オリーヴィアは逡巡するように視線をさまよわせていたが、心を決めたのか、シャーリィに視線を戻す。
「……実は娘が昨夜から高熱を出していて。私の母が看病してくれているんだけど、やっぱり不安で……」
「なるほど、それは心配ですね」
「解熱剤で熱は一時的に下がるのだけど、四時間経ったらまた熱が出るのよ。母からは子どもはよく熱が出るから大丈夫と言われたの。でも、初めての子どもだし、つらそうにしているのを見ているとこっちも気が気でなくて……」
子どもは熱が出やすい。そういうものだと思っていても、親としては心配だろう。
「もしかして、夜もほとんど寝ていないんじゃないですか?」
「そうなのよ。娘の様子が気になって、頻繁に目が覚めるの。別にそれはいいんだけど、娘の熱がどこまで上がるかと思うと心臓が縮みそうだったわ」
「……早く熱が下がるといいですね」
オリーヴィアの夫は他界しているはずだ。今は彼女の母と娘の三人で暮らしていたように思う。いくら親と同居しているとはいえ、父親のぶんも母親として役割を背負っているなら、その負荷は想像以上だろう。
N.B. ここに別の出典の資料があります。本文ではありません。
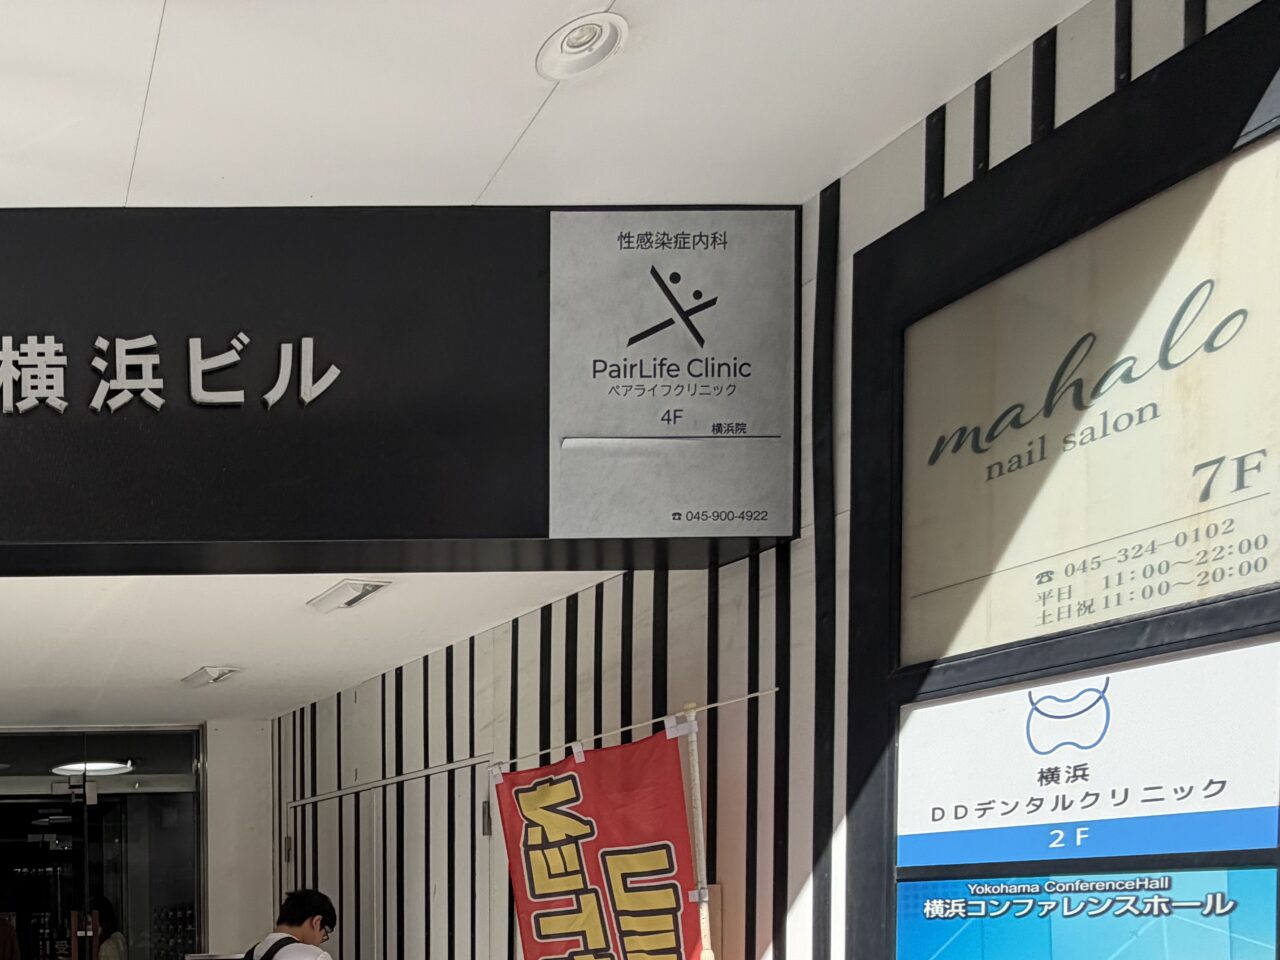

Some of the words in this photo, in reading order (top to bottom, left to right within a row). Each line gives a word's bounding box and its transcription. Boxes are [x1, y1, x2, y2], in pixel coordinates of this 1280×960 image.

[617, 230, 729, 251] 性感染症内科
[592, 357, 681, 379] PairLife
[687, 357, 752, 379] Clinic
[927, 278, 1249, 466] mahalo
[607, 383, 738, 398] ペアライフクリニック
[660, 408, 684, 425] 4F
[711, 422, 748, 435] 横浜院
[985, 435, 1048, 482] nail
[1062, 401, 1161, 452] salon
[1192, 448, 1268, 503] 7F
[685, 509, 769, 522] 045-900-4922
[1064, 518, 1235, 578] 045-324-0102
[1035, 585, 1073, 607] 平日
[1034, 598, 1096, 627] 土日祝
[1037, 763, 1090, 787] 横浜
[967, 881, 1040, 897] Yokohama
[1044, 876, 1172, 895] ConferenceHall
[922, 892, 1237, 921] 横浜コンファレンスホール
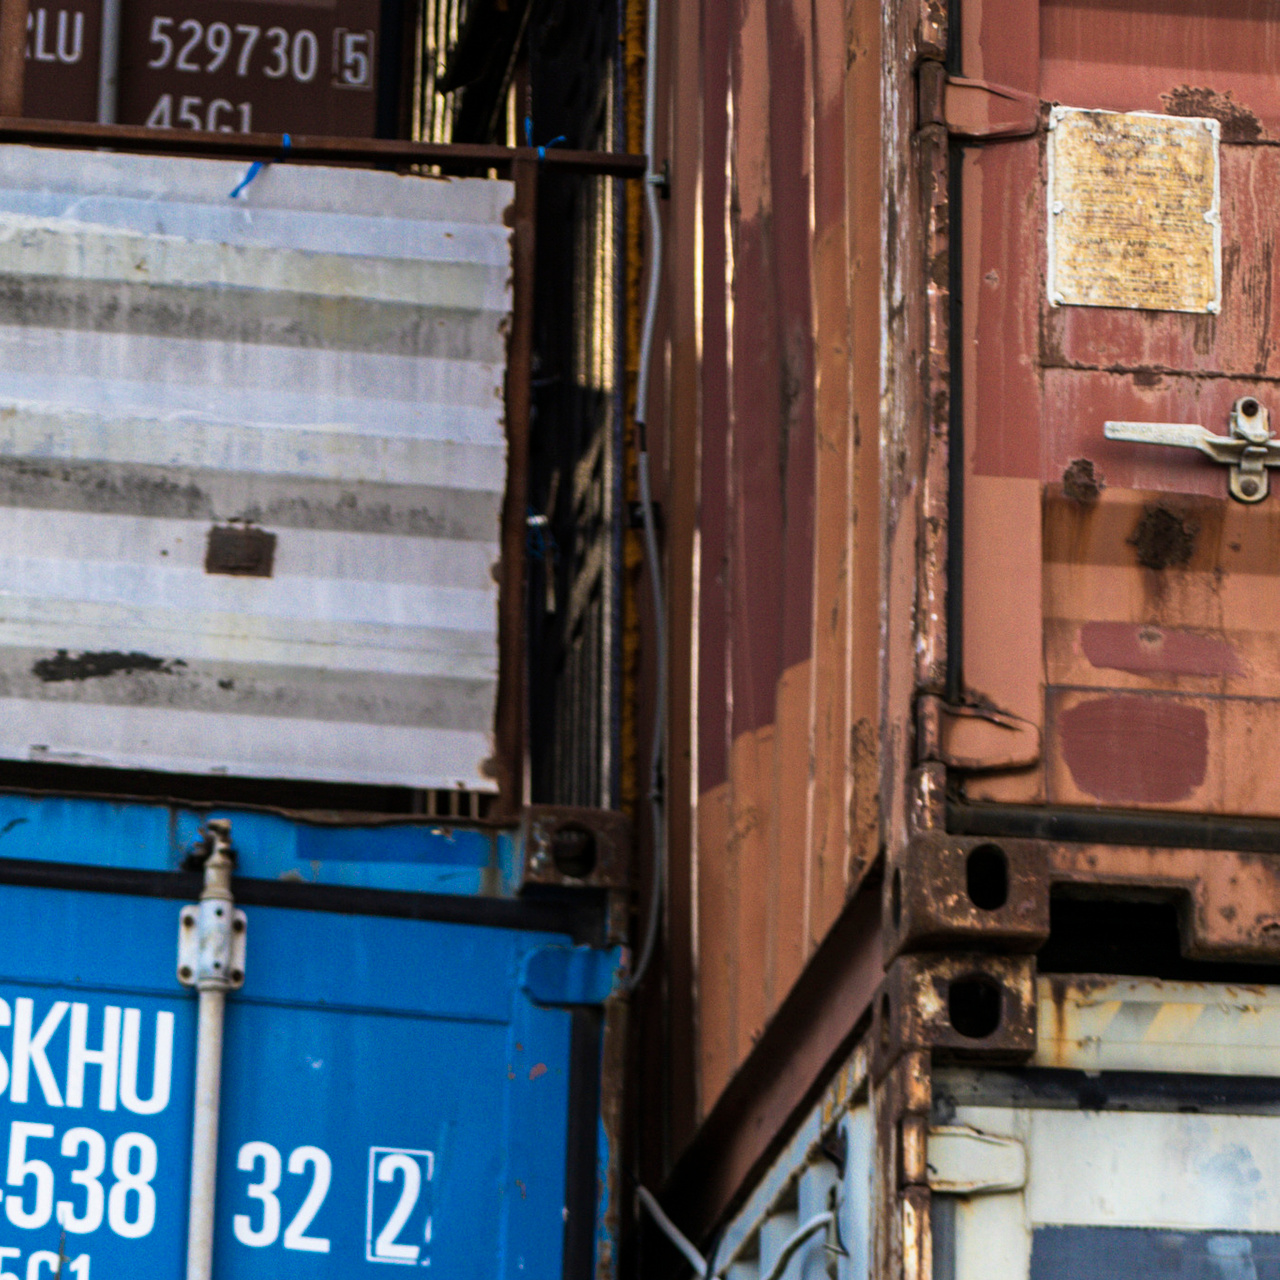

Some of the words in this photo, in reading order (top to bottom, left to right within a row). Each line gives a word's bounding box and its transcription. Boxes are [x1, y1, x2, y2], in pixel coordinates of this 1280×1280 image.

[24, 8, 84, 63] LU
[148, 16, 319, 81] 529730
[342, 33, 368, 84] 5
[233, 1141, 332, 1253] 32
[375, 1153, 421, 1260] 2
シャーリィは腕時計で時間を確認し、関係各所の調整を頭の中で割り振る。
(……うん。この人数なら宿泊客はさばけるはず。大丈夫)
幸い、今は急ぎの仕事はない。彼女の代わりを完璧にやるのは不可能だが、皆の手を借りればある程度まではなんとか回るはずだ。
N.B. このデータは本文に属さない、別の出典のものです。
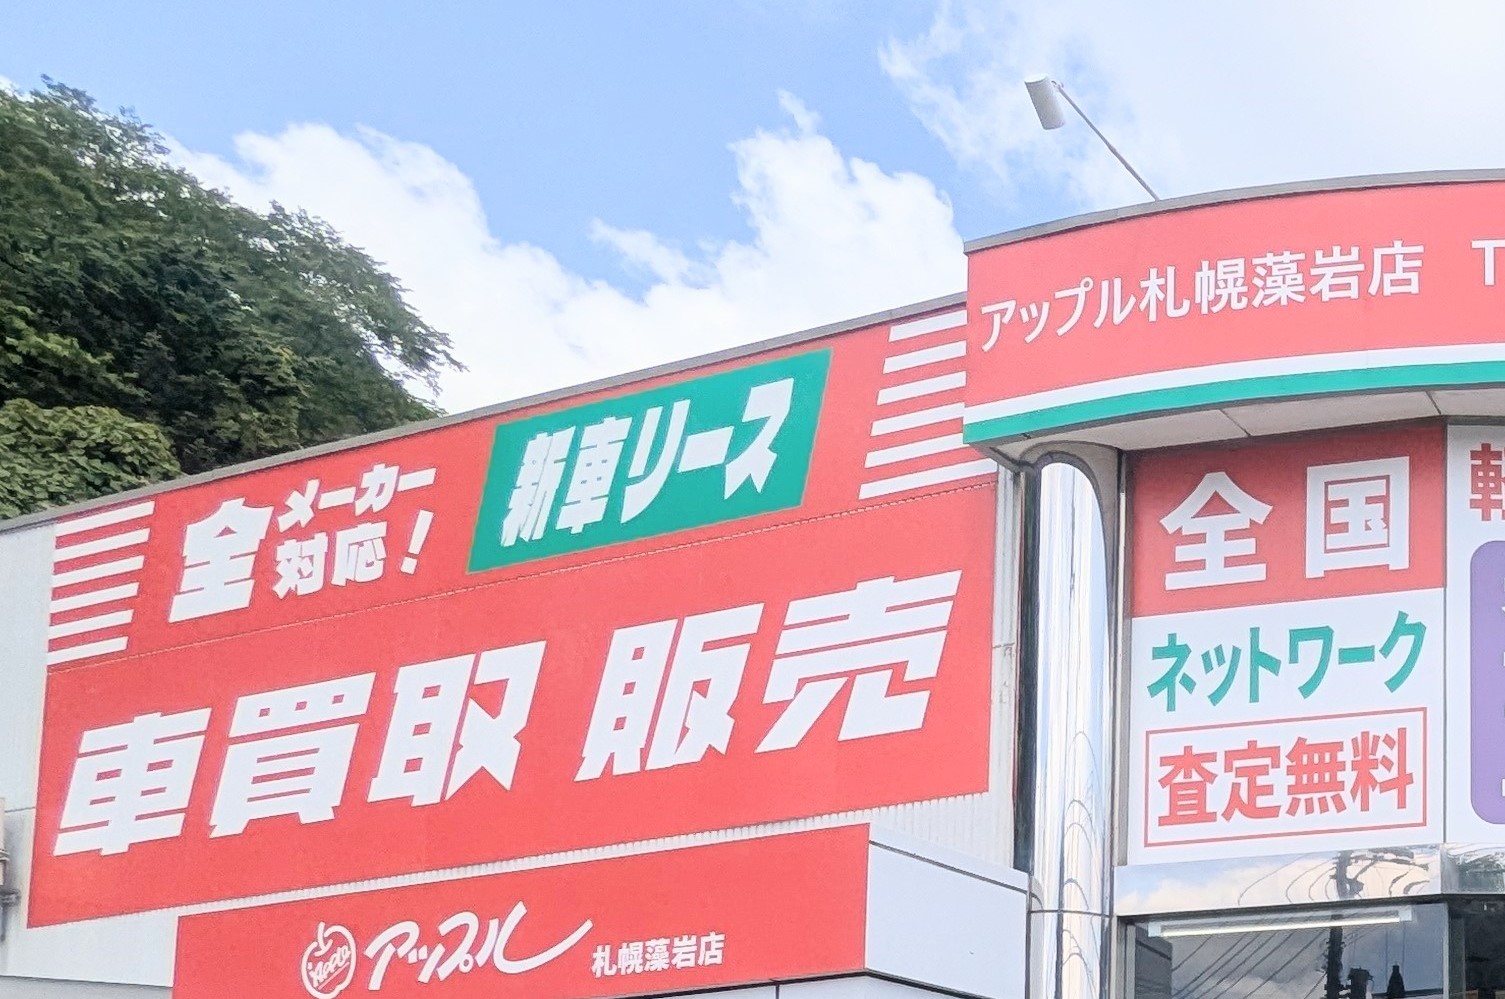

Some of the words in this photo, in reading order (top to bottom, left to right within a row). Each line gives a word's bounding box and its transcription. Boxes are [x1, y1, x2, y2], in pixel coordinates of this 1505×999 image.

[979, 239, 1425, 352] アップル札幌藻岩店
[277, 463, 438, 533] メーカー
[498, 376, 797, 548] 新車リース
[1147, 611, 1427, 712] ネットワーク
[52, 640, 547, 858] 車買取
[574, 569, 964, 782] 販売
[1157, 728, 1413, 827] 査定無料
[364, 900, 594, 992] アップル
[591, 931, 726, 979] 札幌藻岩店
「オリーヴィアさん。今日はもう上がってください。残りの仕事は皆でやりますから」
「え……でも、そんなの悪いわ」
「何を言っているんです。困っているときに助け合うのが仲間ってもんですよ。娘さんが待っているのはお母さんでしょう。お母さんの代わりは誰にもできません。早く帰って、娘さんを安心させてあげてください」
真面目な顔で答えると、オリーヴィアは驚いたように固まったが、すぐに困ったように笑った。
「わかったわ。じゃあ、シャーリィはこれをお願いできる? 私は皆に引き継ぎをしてから帰るから」
「ええ。もちろん。どんと頼ってください」
「……頼もしいわ。ありがとうね」
「いえいえ」
細長い盆を受け取ったシャーリィは厨房へ、オリーヴィアはテオがいるフロントへ足を向けた。きっと皆に遠慮していたのだろう。去り際の彼女は優しそうな母親の顔をしていた。
「さーて。忙しくなるわよ。オリーヴィアさんの抜けた穴は三人分だものね。いっちょ気合いを入れますか!」
シャーリィは並々なる決意を胸に、廊下を早足で戻っていった。